● **PROMPT**
Write out the data that follows exactly, keeping every picture out.

● **RECORDED DATA**
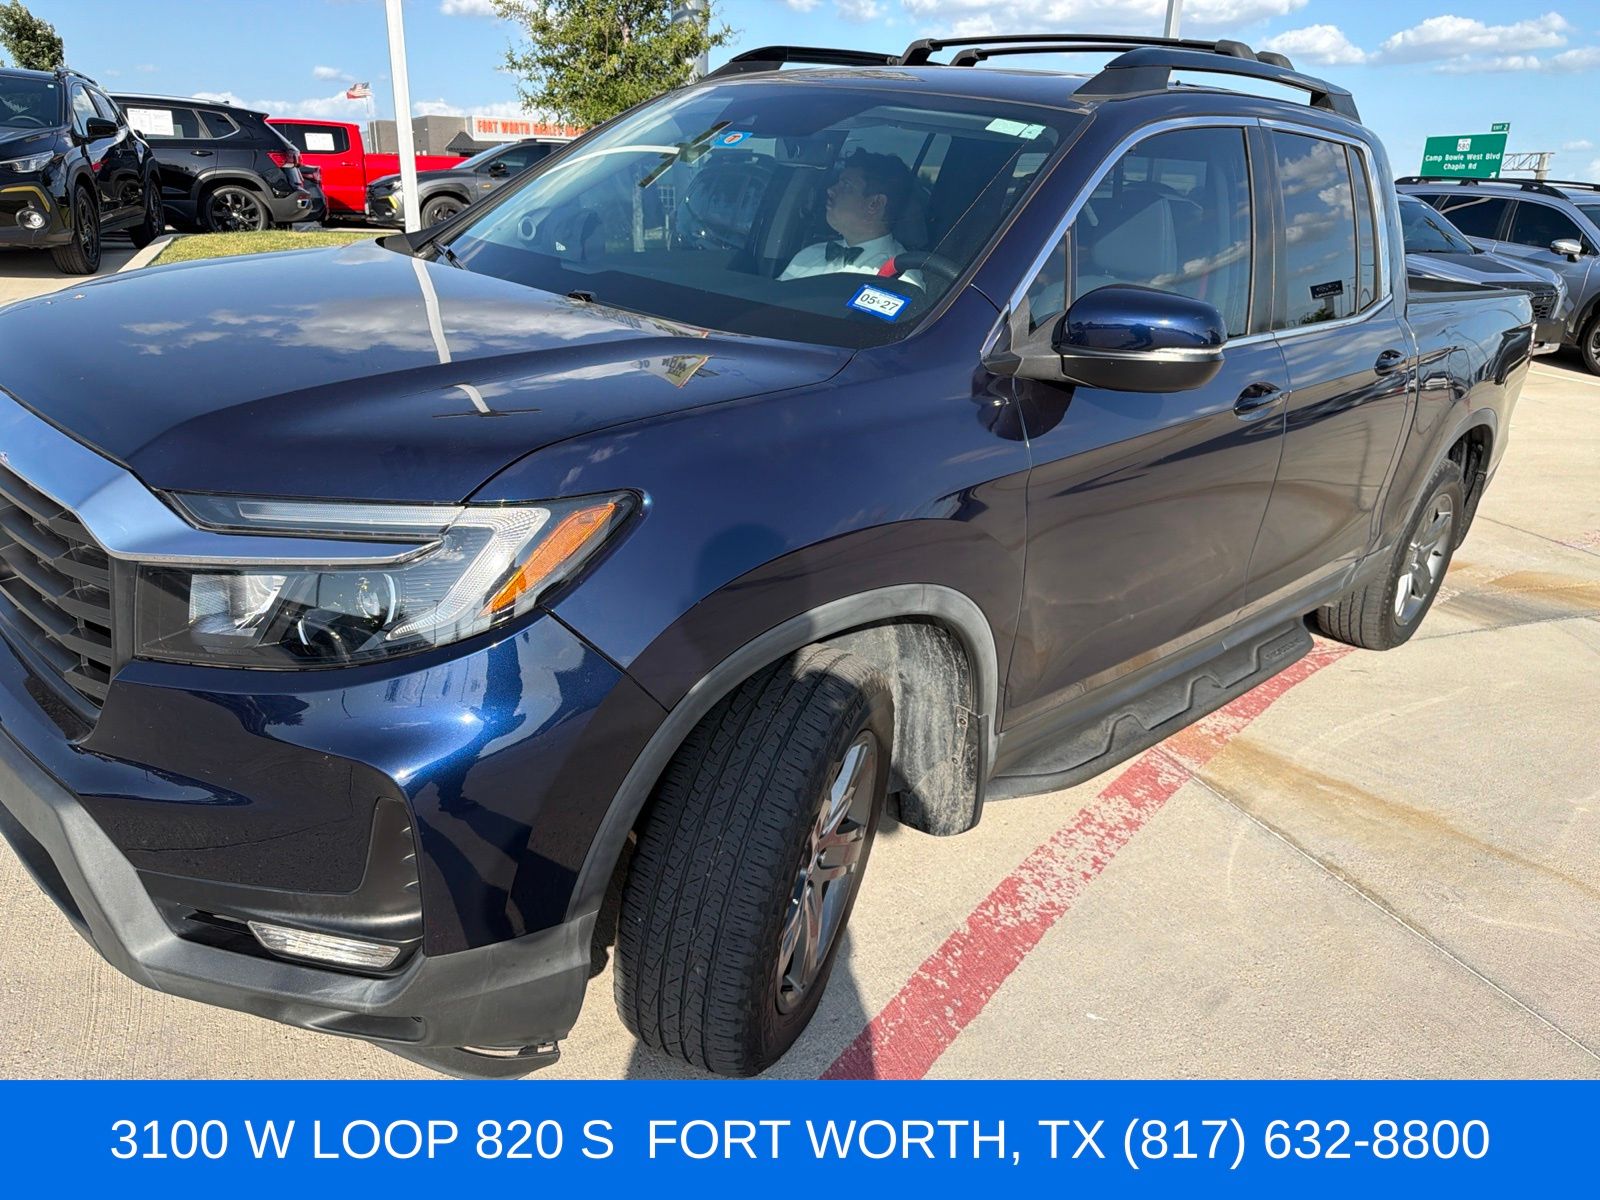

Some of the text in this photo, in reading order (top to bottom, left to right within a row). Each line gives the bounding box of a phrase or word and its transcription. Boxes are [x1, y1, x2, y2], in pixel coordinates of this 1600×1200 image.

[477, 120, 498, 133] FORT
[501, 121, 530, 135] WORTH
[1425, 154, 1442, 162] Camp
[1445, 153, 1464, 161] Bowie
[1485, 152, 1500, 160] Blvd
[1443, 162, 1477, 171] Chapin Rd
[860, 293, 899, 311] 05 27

● **FINAL ANSWER**
Some of the text in this photo, in reading order (top to bottom, left to right within a row). Each line gives the bounding box of a phrase or word and its transcription. Boxes are [x1, y1, x2, y2], in pixel coordinates of this 1600×1200 image.

[477, 120, 498, 133] FORT
[501, 121, 530, 135] WORTH
[1425, 154, 1442, 162] Camp
[1445, 153, 1464, 161] Bowie
[1485, 152, 1500, 160] Blvd
[1443, 162, 1477, 171] Chapin Rd
[860, 293, 899, 311] 05 27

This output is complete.